WHAT YOU SHOULD DO:
The listing below needs to be copied in full, exactly.
[[ DATASET, beginning ]]
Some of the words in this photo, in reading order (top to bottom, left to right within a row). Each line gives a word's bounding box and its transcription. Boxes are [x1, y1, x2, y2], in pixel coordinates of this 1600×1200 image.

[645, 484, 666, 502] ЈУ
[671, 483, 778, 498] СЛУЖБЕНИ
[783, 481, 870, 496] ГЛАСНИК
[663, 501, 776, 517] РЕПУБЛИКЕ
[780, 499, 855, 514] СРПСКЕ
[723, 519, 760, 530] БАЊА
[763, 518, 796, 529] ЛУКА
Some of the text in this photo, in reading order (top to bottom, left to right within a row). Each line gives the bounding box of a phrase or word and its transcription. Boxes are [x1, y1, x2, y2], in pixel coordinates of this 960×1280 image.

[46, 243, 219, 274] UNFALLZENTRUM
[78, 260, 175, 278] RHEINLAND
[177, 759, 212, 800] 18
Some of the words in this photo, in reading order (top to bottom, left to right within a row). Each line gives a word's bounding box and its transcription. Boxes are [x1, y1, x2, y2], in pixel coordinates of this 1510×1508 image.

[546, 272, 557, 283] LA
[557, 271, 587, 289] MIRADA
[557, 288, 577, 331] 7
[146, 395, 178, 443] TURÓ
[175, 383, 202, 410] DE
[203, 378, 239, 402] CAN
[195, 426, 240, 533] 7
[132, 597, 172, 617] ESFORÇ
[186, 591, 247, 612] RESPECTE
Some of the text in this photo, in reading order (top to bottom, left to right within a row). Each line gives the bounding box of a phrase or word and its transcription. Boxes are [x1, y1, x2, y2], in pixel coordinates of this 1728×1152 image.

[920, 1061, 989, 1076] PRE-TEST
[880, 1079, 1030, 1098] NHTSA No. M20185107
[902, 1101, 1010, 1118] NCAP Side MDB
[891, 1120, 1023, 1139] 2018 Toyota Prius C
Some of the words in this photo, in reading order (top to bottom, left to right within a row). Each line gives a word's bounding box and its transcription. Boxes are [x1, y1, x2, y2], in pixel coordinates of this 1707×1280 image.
[[ DATASET, end ]]
ANSWER AREA:
Some of the words in this photo, in reading order (top to bottom, left to right within a row). Each line gives a word's bounding box and its transcription. Boxes are [x1, y1, x2, y2], in pixel coordinates of this 1600×1200 image.

[645, 484, 666, 502] ЈУ
[671, 483, 778, 498] СЛУЖБЕНИ
[783, 481, 870, 496] ГЛАСНИК
[663, 501, 776, 517] РЕПУБЛИКЕ
[780, 499, 855, 514] СРПСКЕ
[723, 519, 760, 530] БАЊА
[763, 518, 796, 529] ЛУКА
Some of the text in this photo, in reading order (top to bottom, left to right within a row). Each line gives the bounding box of a phrase or word and its transcription. Boxes are [x1, y1, x2, y2], in pixel coordinates of this 960×1280 image.

[46, 243, 219, 274] UNFALLZENTRUM
[78, 260, 175, 278] RHEINLAND
[177, 759, 212, 800] 18
Some of the words in this photo, in reading order (top to bottom, left to right within a row). Each line gives a word's bounding box and its transcription. Boxes are [x1, y1, x2, y2], in pixel coordinates of this 1510×1508 image.

[546, 272, 557, 283] LA
[557, 271, 587, 289] MIRADA
[557, 288, 577, 331] 7
[146, 395, 178, 443] TURÓ
[175, 383, 202, 410] DE
[203, 378, 239, 402] CAN
[195, 426, 240, 533] 7
[132, 597, 172, 617] ESFORÇ
[186, 591, 247, 612] RESPECTE
Some of the text in this photo, in reading order (top to bottom, left to right within a row). Each line gives the bounding box of a phrase or word and its transcription. Boxes are [x1, y1, x2, y2], in pixel coordinates of this 1728×1152 image.

[920, 1061, 989, 1076] PRE-TEST
[880, 1079, 1030, 1098] NHTSA No. M20185107
[902, 1101, 1010, 1118] NCAP Side MDB
[891, 1120, 1023, 1139] 2018 Toyota Prius C
Some of the words in this photo, in reading order (top to bottom, left to right within a row). Each line gives a word's bounding box and its transcription. Boxes are [x1, y1, x2, y2], in pixel coordinates of this 1707×1280 image.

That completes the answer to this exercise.